Problem:
A verbatim copy of every record is required, and no pictures should be included.

[Collected data]

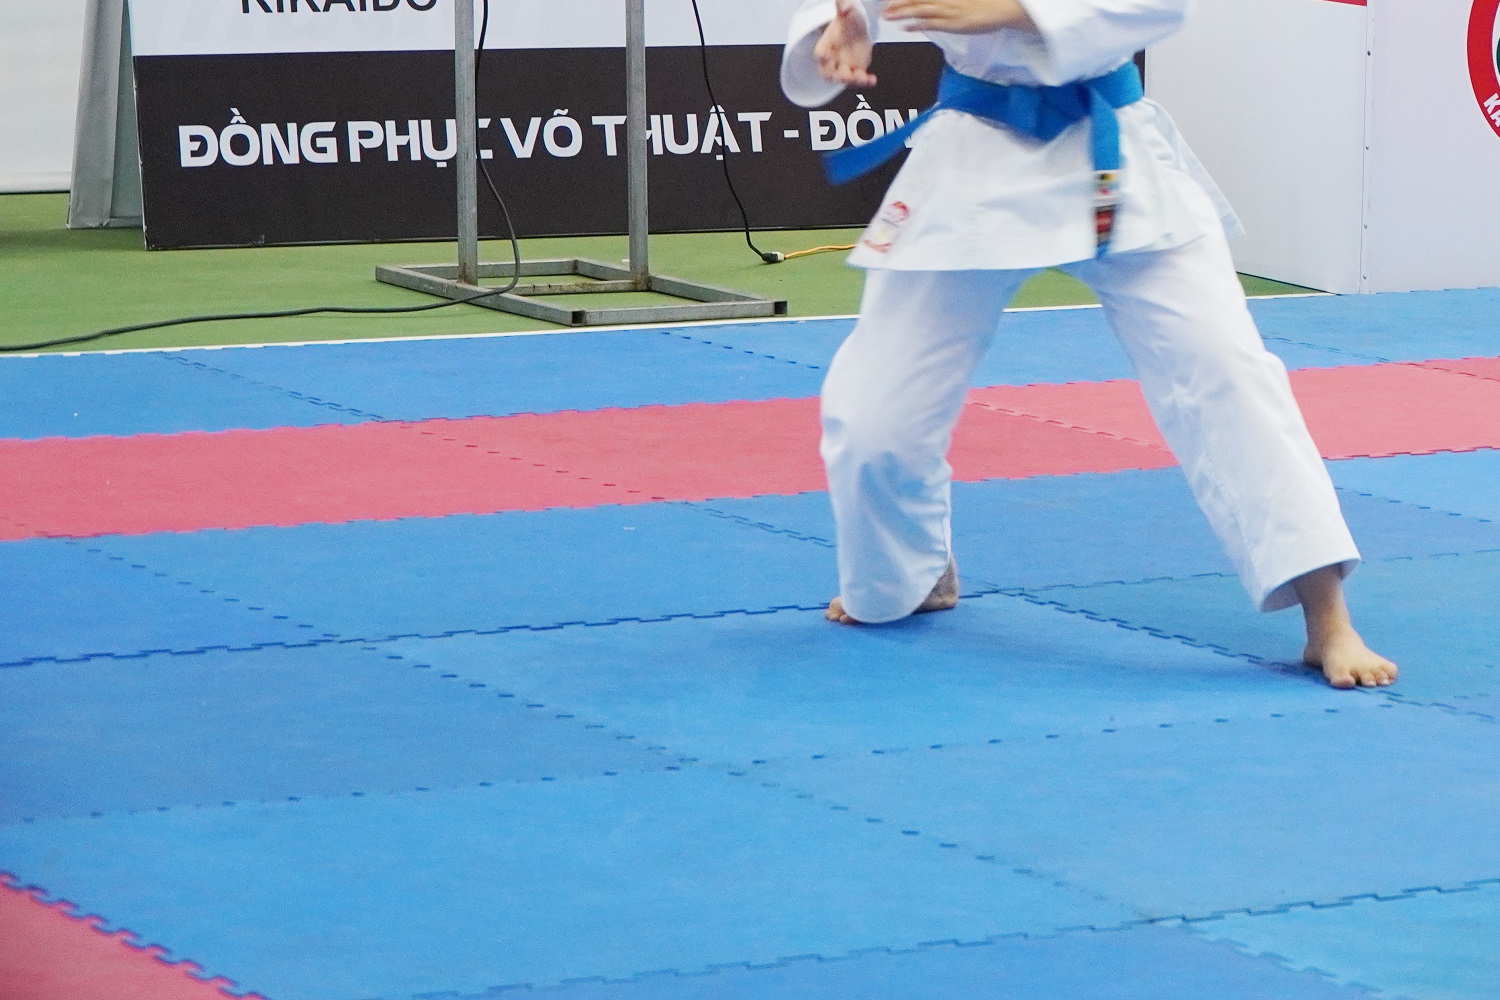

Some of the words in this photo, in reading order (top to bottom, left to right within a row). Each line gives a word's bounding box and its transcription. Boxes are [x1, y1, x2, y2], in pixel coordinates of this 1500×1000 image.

[178, 107, 339, 168] ĐỒNG
[500, 108, 583, 158] VÕ
[592, 105, 773, 161] THUẬT
[809, 94, 920, 151] ĐỒN

Answer:
Some of the words in this photo, in reading order (top to bottom, left to right within a row). Each line gives a word's bounding box and its transcription. Boxes are [x1, y1, x2, y2], in pixel coordinates of this 1500×1000 image.

[178, 107, 339, 168] ĐỒNG
[500, 108, 583, 158] VÕ
[592, 105, 773, 161] THUẬT
[809, 94, 920, 151] ĐỒN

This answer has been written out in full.